## [TASK DETAILS]
All records below are to be repeated exactly, with the pictures left out.

------------------------------------

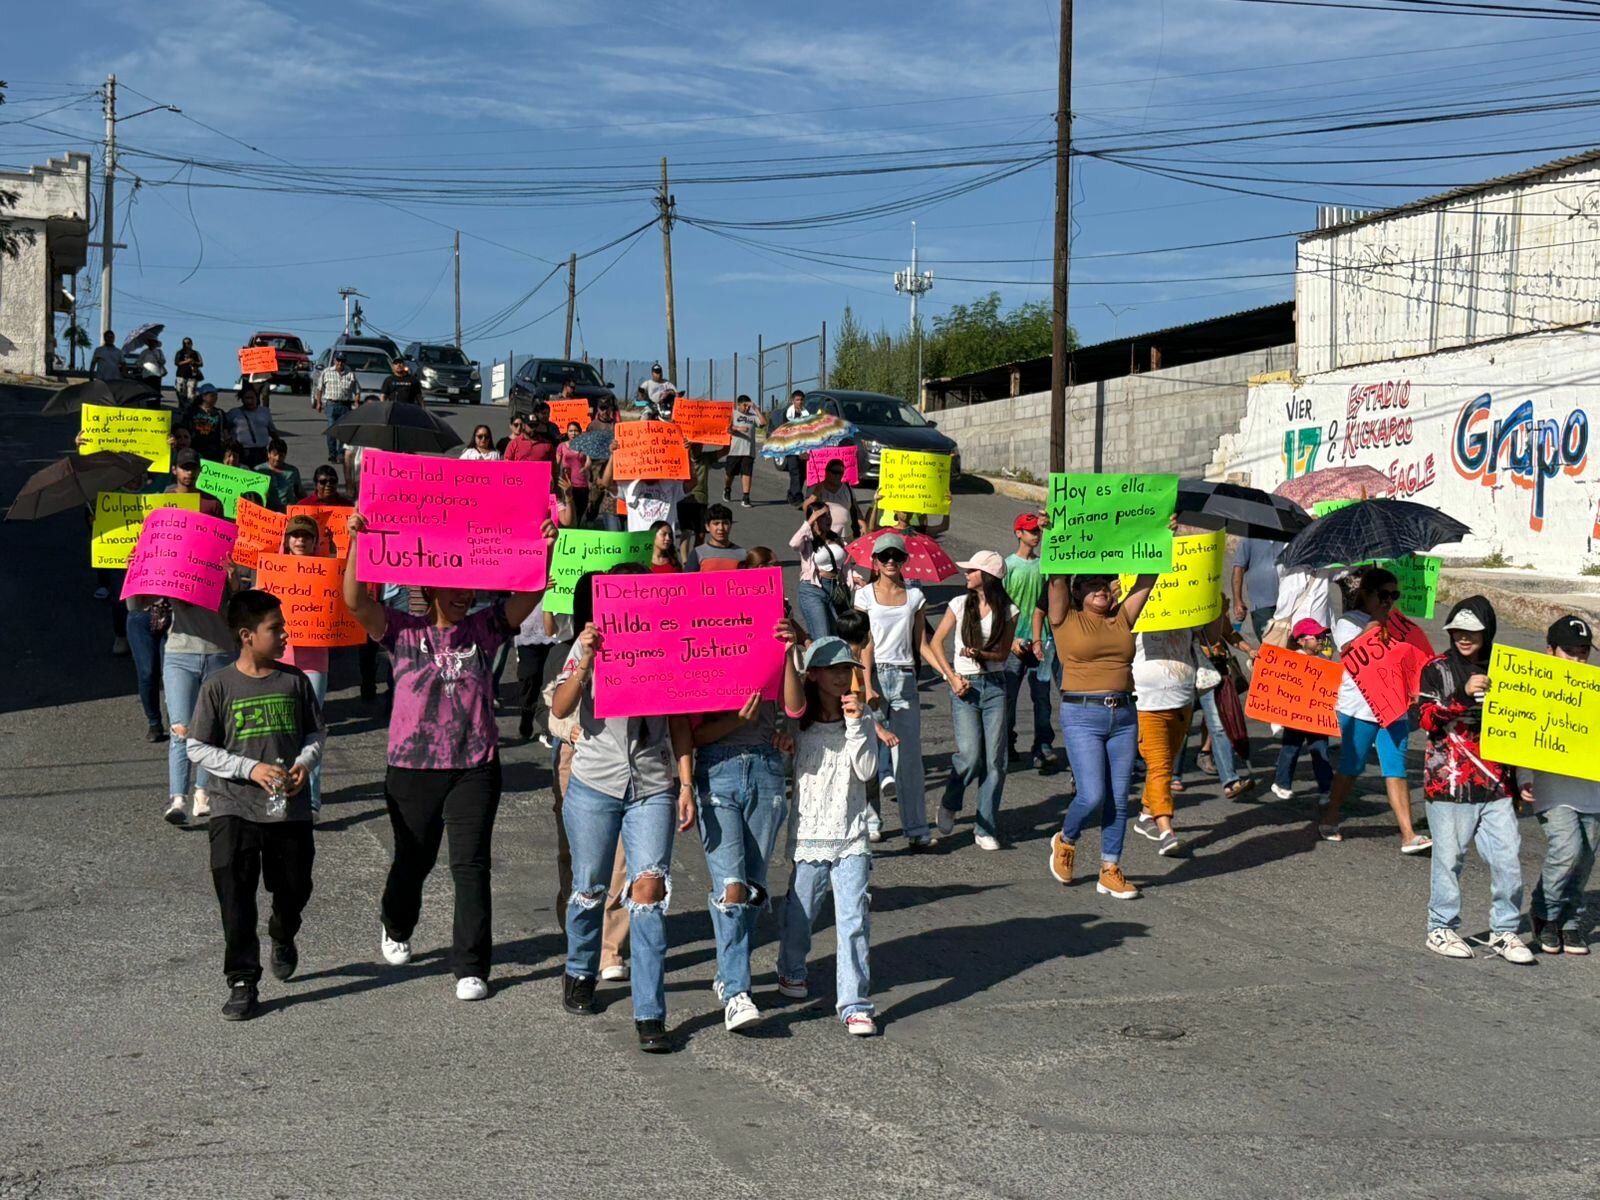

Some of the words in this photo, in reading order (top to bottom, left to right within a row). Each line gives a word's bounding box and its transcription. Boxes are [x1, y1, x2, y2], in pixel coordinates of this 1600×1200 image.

[1346, 379, 1412, 420] ESTADIO
[105, 410, 139, 426] justicia
[1341, 415, 1414, 460] KICKAPOO
[885, 452, 896, 465] En
[1281, 426, 1323, 481] 17
[1451, 392, 1589, 535] Grupo
[363, 456, 444, 482] ¡Libertad
[454, 472, 490, 487] para
[502, 472, 524, 487] las
[1386, 453, 1438, 500] EAGLE
[368, 483, 478, 511] trabajadoras
[1054, 476, 1087, 506] Hoy
[1096, 485, 1112, 496] es
[195, 523, 208, 534] no
[369, 509, 448, 526] inocentes!
[466, 520, 513, 535] Familia
[1051, 505, 1109, 531] Mañana
[1115, 504, 1156, 526] puedes
[151, 532, 183, 545] precio
[466, 537, 501, 548] quiere
[557, 533, 577, 557] ¡La
[581, 538, 622, 560] justicia
[629, 544, 640, 555] no
[1050, 533, 1073, 545] ser
[1078, 528, 1095, 543] tu
[365, 530, 464, 569] Justicia
[470, 549, 513, 558] justicia
[1049, 544, 1097, 562] Justicia
[1101, 548, 1124, 562] para
[1131, 541, 1163, 560] Hilda
[259, 557, 288, 573] ¡Que
[297, 561, 329, 577] hable
[323, 587, 340, 599] no
[595, 579, 688, 606] ¡Detengan
[701, 581, 716, 597] la
[726, 576, 775, 598] farsa!
[601, 611, 652, 636] Hilda
[660, 619, 680, 632] es
[691, 611, 754, 629] inocente
[601, 646, 666, 668] Exigimos
[1496, 649, 1554, 681] ¡Justicia
[631, 673, 675, 685] somos
[684, 667, 726, 684] ciegos
[1284, 660, 1298, 671] no
[1304, 659, 1323, 681] hay
[1276, 686, 1302, 704] haya
[1498, 680, 1538, 698] pueblo
[1247, 694, 1289, 717] Justicia
[1487, 700, 1538, 725] Exigimos
[1540, 711, 1590, 736] justicia
[1486, 726, 1518, 740] para

------------------------------------

## [REPLY TO THE TASK]
Some of the words in this photo, in reading order (top to bottom, left to right within a row). Each line gives a word's bounding box and its transcription. Boxes are [x1, y1, x2, y2], in pixel coordinates of this 1600×1200 image.

[1346, 379, 1412, 420] ESTADIO
[105, 410, 139, 426] justicia
[1341, 415, 1414, 460] KICKAPOO
[885, 452, 896, 465] En
[1281, 426, 1323, 481] 17
[1451, 392, 1589, 535] Grupo
[363, 456, 444, 482] ¡Libertad
[454, 472, 490, 487] para
[502, 472, 524, 487] las
[1386, 453, 1438, 500] EAGLE
[368, 483, 478, 511] trabajadoras
[1054, 476, 1087, 506] Hoy
[1096, 485, 1112, 496] es
[195, 523, 208, 534] no
[369, 509, 448, 526] inocentes!
[466, 520, 513, 535] Familia
[1051, 505, 1109, 531] Mañana
[1115, 504, 1156, 526] puedes
[151, 532, 183, 545] precio
[466, 537, 501, 548] quiere
[557, 533, 577, 557] ¡La
[581, 538, 622, 560] justicia
[629, 544, 640, 555] no
[1050, 533, 1073, 545] ser
[1078, 528, 1095, 543] tu
[365, 530, 464, 569] Justicia
[470, 549, 513, 558] justicia
[1049, 544, 1097, 562] Justicia
[1101, 548, 1124, 562] para
[1131, 541, 1163, 560] Hilda
[259, 557, 288, 573] ¡Que
[297, 561, 329, 577] hable
[323, 587, 340, 599] no
[595, 579, 688, 606] ¡Detengan
[701, 581, 716, 597] la
[726, 576, 775, 598] farsa!
[601, 611, 652, 636] Hilda
[660, 619, 680, 632] es
[691, 611, 754, 629] inocente
[601, 646, 666, 668] Exigimos
[1496, 649, 1554, 681] ¡Justicia
[631, 673, 675, 685] somos
[684, 667, 726, 684] ciegos
[1284, 660, 1298, 671] no
[1304, 659, 1323, 681] hay
[1276, 686, 1302, 704] haya
[1498, 680, 1538, 698] pueblo
[1247, 694, 1289, 717] Justicia
[1487, 700, 1538, 725] Exigimos
[1540, 711, 1590, 736] justicia
[1486, 726, 1518, 740] para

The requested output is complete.